Yet, little cause for cheer: 22 of the world’s top 30 most polluted cities are in the country
GN Bureau | March 16, 2021
Lockdowns following the outbreak of Covid-19 have been a blessing in disguise for air pollution around the world, and 63% India cities marked improvements over 2019. Still, air quality remains a concern in India as 22 of its cities feature among the global top 30 most polluted ones, shows a new report.
Switzerland-based IQAir’s ‘2020 World Air Quality Report’, published Tuesday, reveals the impact of Covid-19 lockdowns and behavioural changes on global particulate pollution (PM2.5) levels.
[For more, see: https://www.iqair.com/blog/press-releases/covid-19-reduces-air-pollution-in-most-countries]
• COVID-19 impact: In 2020, 84% of all monitored countries observed air quality improvements, largely due to global measures to slow the spread of COVID-19.
Air quality improvements across major cities in 2020 compared to 2019 include Beijing (-11%), Chicago (-13%), Delhi (-15%), London (-16%), Paris (-17%) and Seoul (-16%).
• Only 24 out of 106 monitored countries met World Health Organization (WHO) annual guidelines for PM2.5 in 2020.
• Climate change continues to affect air quality: The year 2020 is tied with 2016 as the hottest year on record. Wildfires and sandstorms fueled by the warming climate led to extremely high pollution levels in California, South America, Siberia and Australia.
• India: In 2020, all Indian cities monitored observed air quality improvements compared to 2018, while 63% saw improvements compared with 2019. However, India continues to feature prominently at the top of the most polluted cities ranking, with 22 of the top 30 most polluted cities globally.
• China: In 2020, 86% of the cities in China experienced cleaner air than the previous year. Despite this, Chinese residents are still exposed to PM2.5 levels more than 3 times the WHO annual guidelines. Hotan in northwestern China ranks as the world’s most polluted city, largely due to sandstorms exacerbated by climate change.
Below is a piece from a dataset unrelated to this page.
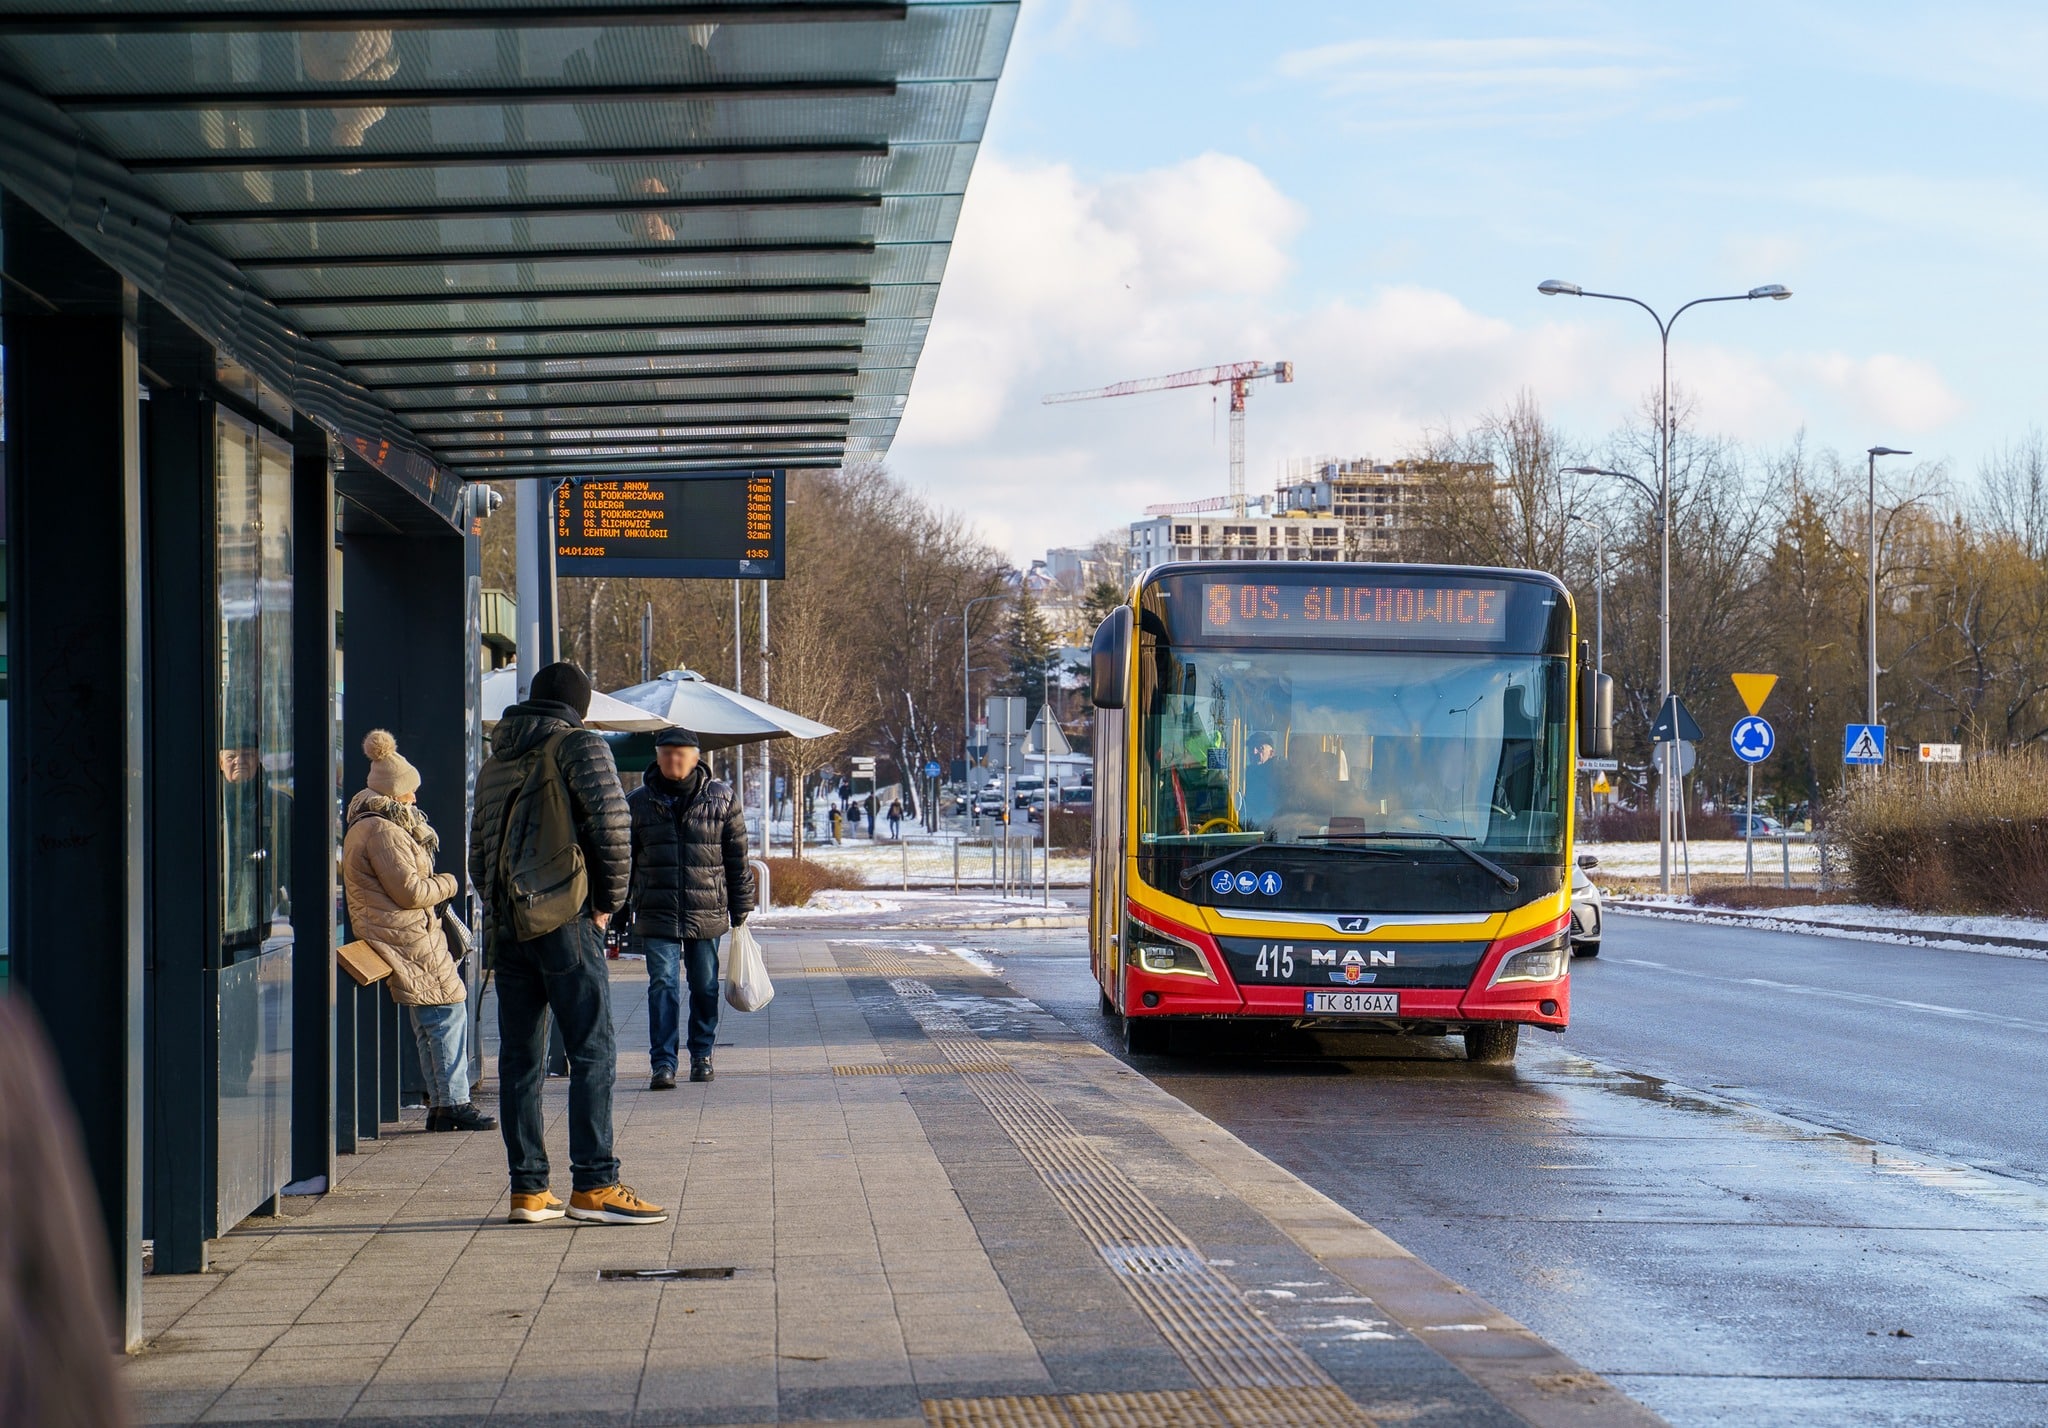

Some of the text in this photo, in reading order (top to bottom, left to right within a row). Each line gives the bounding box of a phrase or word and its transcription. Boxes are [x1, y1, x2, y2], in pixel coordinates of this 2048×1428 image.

• United States: Average particle pollution levels rose by 6.7% in 2020, despite measures to contain the spread of COVID-19. Record-breaking wildfires in California, Oregon and Washington caused U.S. cities to comprise 77 of the world’s top 100 most polluted cities in September 2020 (by monthly PM2.5 average). In 2020, 38% of American cities did not meet the WHO's guideline for annual PM2.5 levels. This is a significant uptick from the 21% of U.S. cities that did not meet the WHO guidelines in 2019.
• South Asia: South Asia is the most polluted region of the world with Bangladesh, India and Pakistan sharing 42 of the 50 most polluted cities worldwide.
• Europe: In 2020, about half of all European cities exceed the WHO's target for annual PM2.5 pollution. The highest levels of PM2.5 pollution was found in Eastern and Southern Europe, with Bosnia Herzegovina, North Macedonia and Bulgaria taking the lead.
• Many countries in South East Asia, the Middle East, Africa, South Asia and South America continue to lack the equipment and expertise to monitor and report air pollution.
“The year 2020 brought an unexpected dip in air pollution. In 2021, we will likely see an increase in air pollution due to human activity, again,” said Frank Hammes, CEO of IQAir. “We hope this report will highlight that urgent action is both possible and necessary to combat air pollution, which remains the world's greatest environmental health threat.”
“While many cities recorded temporary improvements in air quality due to lockdowns, the health impact of burning fossil fuels remained severe. Unfortunately, Delhi continued to be the most polluted capital city in the world in 2020. To see real, long-term improvements in air quality, governments must prioritize clean energy sources such as wind and solar and promote low cost, carbon neutral and accessible transport. Speeding up the transition to clean energy and clean transport not only saves lives, but also dramatically reduces healthcare-related costs,” said Avinash Chanchal, Climate Campaigner, Greenpeace India.
“Many parts of the world experienced unprecedented, but short-lived, improvements in air quality in 2020, as restrictions related to the COVID-19 pandemic caused a steep drop in fossil fuel consumption,” said Lauri Myllyvirta, lead analyst at the Centre for Research on Energy and Clean Air (CREA), who also contributed to the report. “This improved air quality meant tens of thousands of avoided deaths from air pollution. By transitioning to clean energy and clean transport we can realize the same improvements in a sustained way.”